6th February 2006 permanent link

And then you go to the galleries and museums. You look at those fine books on photography and you see what the masters did long before you knew the difference between Tri-X and Ektachrome. Will you ever shoot a better picture than those Cartier-Bresson street scenes of the 1940s? Will you ever come near the intensity of a Gene Smith reportage? You discover that any imaginable situation has beeen photographed already - the moment of birth and the split second of death, desperation and joy, man on the moon and life in the womb.

Now they are working on computers that will store every photograph that exists in the world. You want a picture of spear-fishing in Surinam? Push the right buttons and you'll see it in milliseconds. The world on magnetic disks wll be right at our fingertips. Why bother to send a photographer all the way to South America? Why bother to go out into the heat and cold of the real world and take even more pictures, adding to the millions that exist already, stored away in the electronic maze? Will photography eventually make itself obsolete through overproduction?

… it takes a lot of courage (or arrogance) for any photographer to go out again and again taking even more pictures to add to the ever-growing abundance of photography

That prescient circa 1980 quote from Munich born, New York resident photojournalist Thomas Höpker has been at the top of my old writing-about-photography page for ages. But I wasn’t particularly familiar with Höpker’s work, so when I saw that the Munich City Museum is showing a fifty year retrospective I went to check it out.
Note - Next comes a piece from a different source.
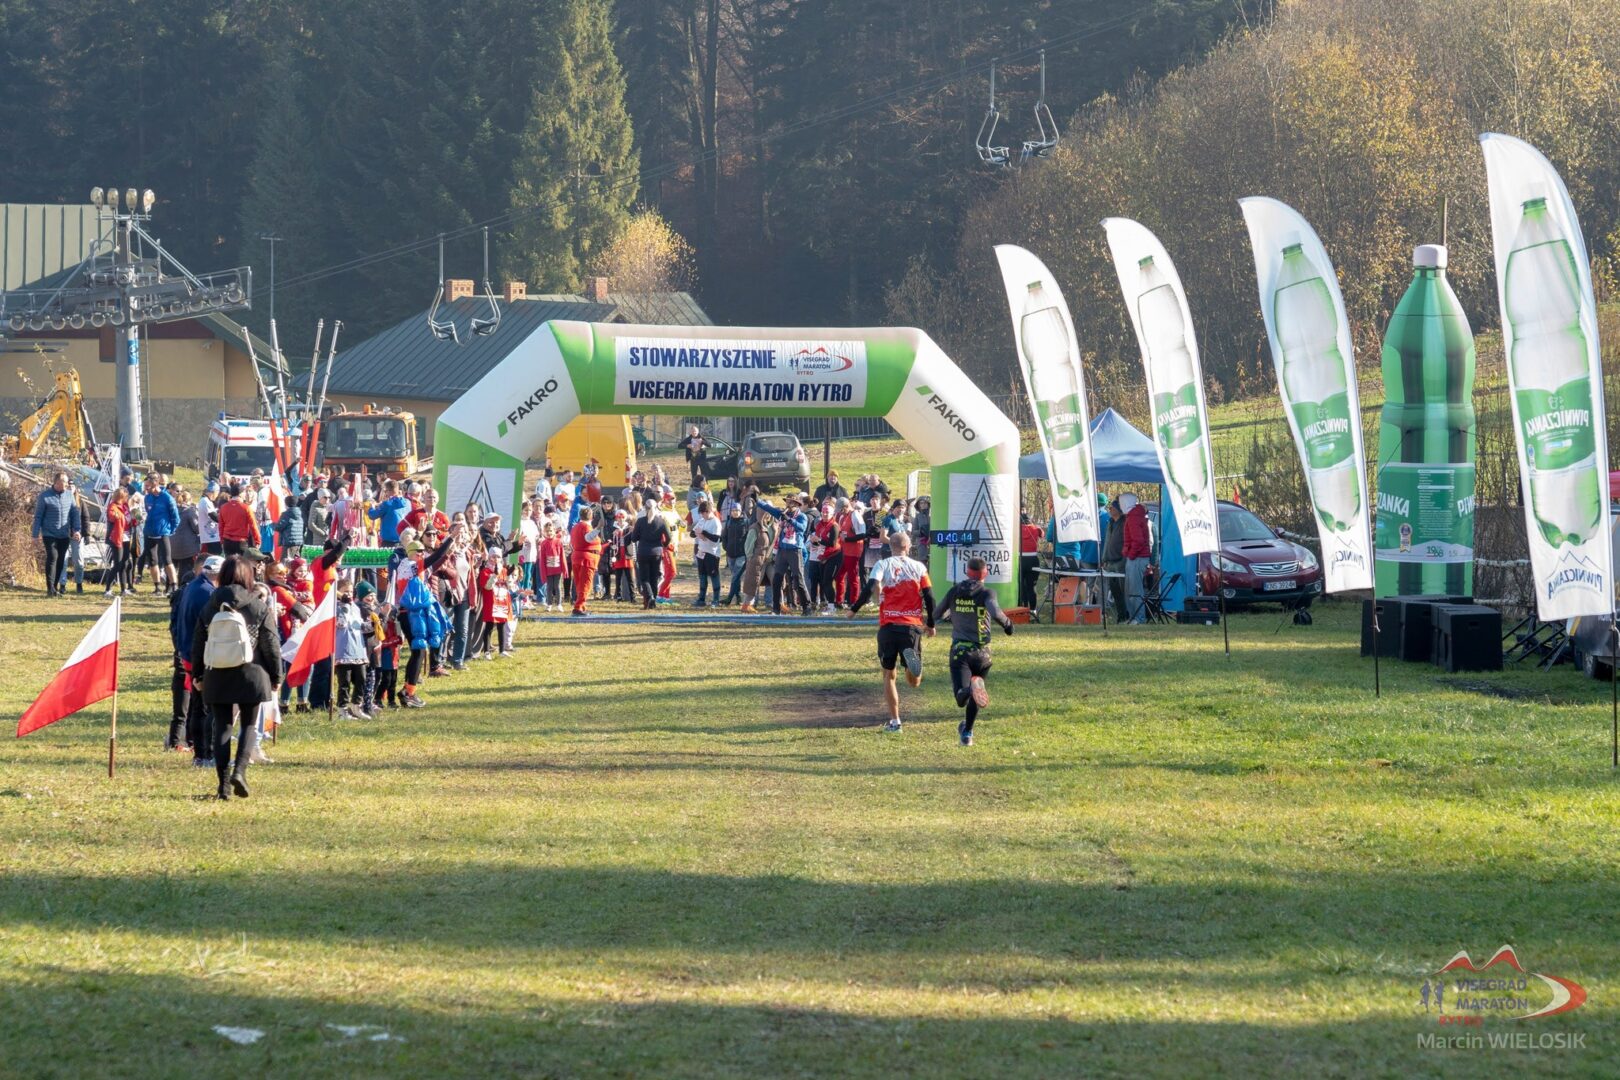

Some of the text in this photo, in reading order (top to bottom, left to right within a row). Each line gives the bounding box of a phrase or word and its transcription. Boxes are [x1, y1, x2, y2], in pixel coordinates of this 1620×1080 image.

Not the most amazing photo exhibition I’ve ever seen, but some pretty damn fine stuff. You can see a formal web portfolio of Höpker’s work at Magnum Photo, and an informal one at google image search.

One thing that strikes me about some of the older photos – blacks & white street photos of kids in Germany in the fifties and sixties – is “oh my god, that’s me”. My brother and sister and I were little kids on a cobbled street with terraced houses in the sixties – did we really look that old-fashioned? My home town hadn’t been heavily bombed in the war, unlike the ones photojournalists generally liked to take pictures of in those days; but my Dad remembered and could tell us exactly where each of the few bombs did fall (those having been the exciting bits of his childhood).

Once again I learn that there is a huge difference between seeing a real photographic print, big and properly lit, and seeing even a good reproduction in a book. The museum had the book of the show for sale, which even included some very impressive pictures that weren’t in the show, but the ones that were looked so flat and lifeless in a book compared to the “real thing” on the gallery wall that I didn’t bother. (As usual, there’s a good chance I probably will buy the book in a few months time when I see it somewhere remaindered, and my memories of what the “real thing” looked like have faded)

When you’re a parent of a small child you learn to be very assertive about needing and taking time for yourself. I was in town with my son, shopping for my wife’s birthday present, when I saw that this exhibition was on. Hmm. Good photo exhibition. I’m going. And although I would much prefer to go with my wife than alone, there’s no way I’m willing to try to look at something like that with a three year old in tow. My wife is away on business this week, so I decided I was entitled to a bit of preemptive battery charging before three days as a single dad and awarded myself Sunday morning off from husband-and-father duties.

Only a couple of hours though, so: into the museum. Straight to the photos, glancing neither to the left nor to the right at other exhibits. Look at photos. Museum coffee shop looks tempting afterwards, but if I do then I won’t have time for yoga practice before my friend’s birthday party in the afternoon. (Nearly all my [remaining] friends have small children too, so social events tend to start early) So no coffee: straight home, mat out, practice.

Arrived home to find the rest of my family limping around complaining about their bruised backs having had a huge sledge crash. Shit happens.